¹Department of Medicine, University of Chicago, Chicago, Illinois; and ²Department of Cell and Developmental Biology, State University of New York Upstate Medical University, Syracuse, New York

Submitted 2 April 2008 ; accepted in final form 29 July 2008

We previously reported that the barrier-protective effects of oxidized 1-palmitoyl-2-arachidonoyl-sn-glycero-3-phosphocholine (OxPAPC) on pulmonary endothelial cells (ECs) delineate the role of Rac- and Cdc42-dependent mechanisms and described the involvement of the focal adhesion (FA) protein paxillin in enhancement of the EC barrier upon OxPAPC challenge.
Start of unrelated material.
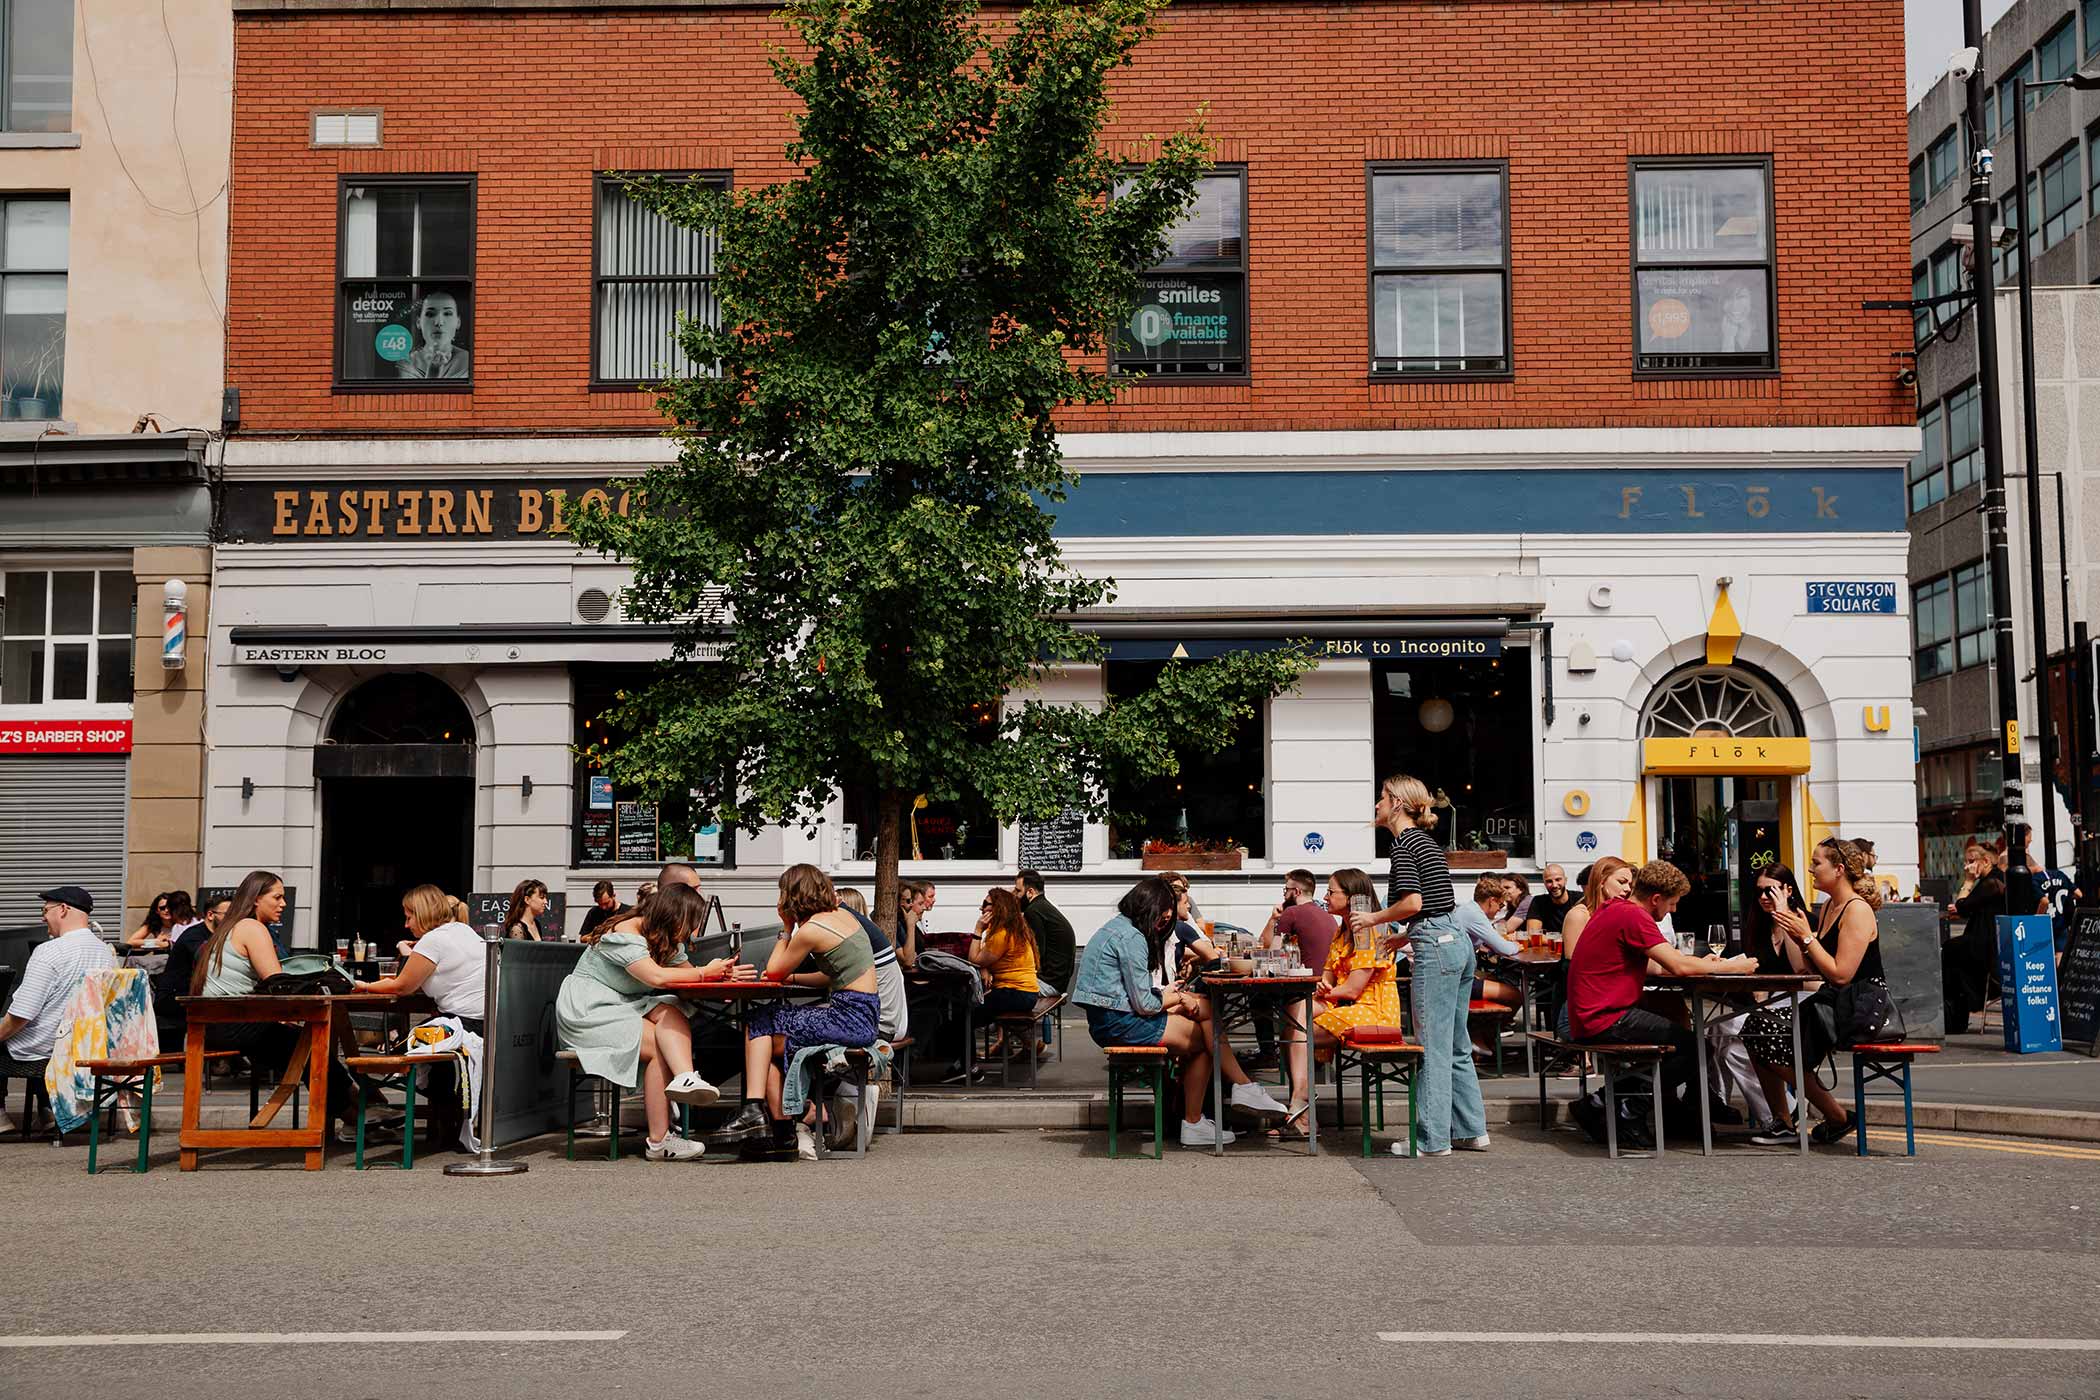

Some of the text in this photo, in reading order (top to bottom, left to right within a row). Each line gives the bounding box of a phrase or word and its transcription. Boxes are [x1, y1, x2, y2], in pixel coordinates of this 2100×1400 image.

This study examined a potential role of paxillin in the feedback mechanism of Rac regulation by FAs in OxPAPC-stimulated ECs. Our results demonstrate that OxPAPC induced Rac-dependent, Rho-independent peripheral accumulation of paxillin-containing FAs and time-dependent paxillin phosphorylation. Molecular inhibition of Rac decreased association of paxillin with the Rac-specific guanine nucleotide exchange factor β-PIX. Molecular inhibition of paxillin also attenuated OxPAPC-induced enhancement of adherens junctions critical for the EC barrier-protective response, accumulation of vascular endothelial cadherin in the membrane fractions, and decreased activation of Rac and its effector p21-activated kinase (PAK1). Expression of paxillin with a mutated PAK1-dependent phosphorylation site (S273A) attenuated OxPAPC-induced PAK1 activation and the EC barrier-protective response. These results suggest that PAK1-specific paxillin phosphorylation at Ser²⁷³ is critically involved in the positive-feedback regulation of the Rac-PAK1 pathway and may contribute to sustained enhancement of the EC barrier caused by oxidized phospholipids.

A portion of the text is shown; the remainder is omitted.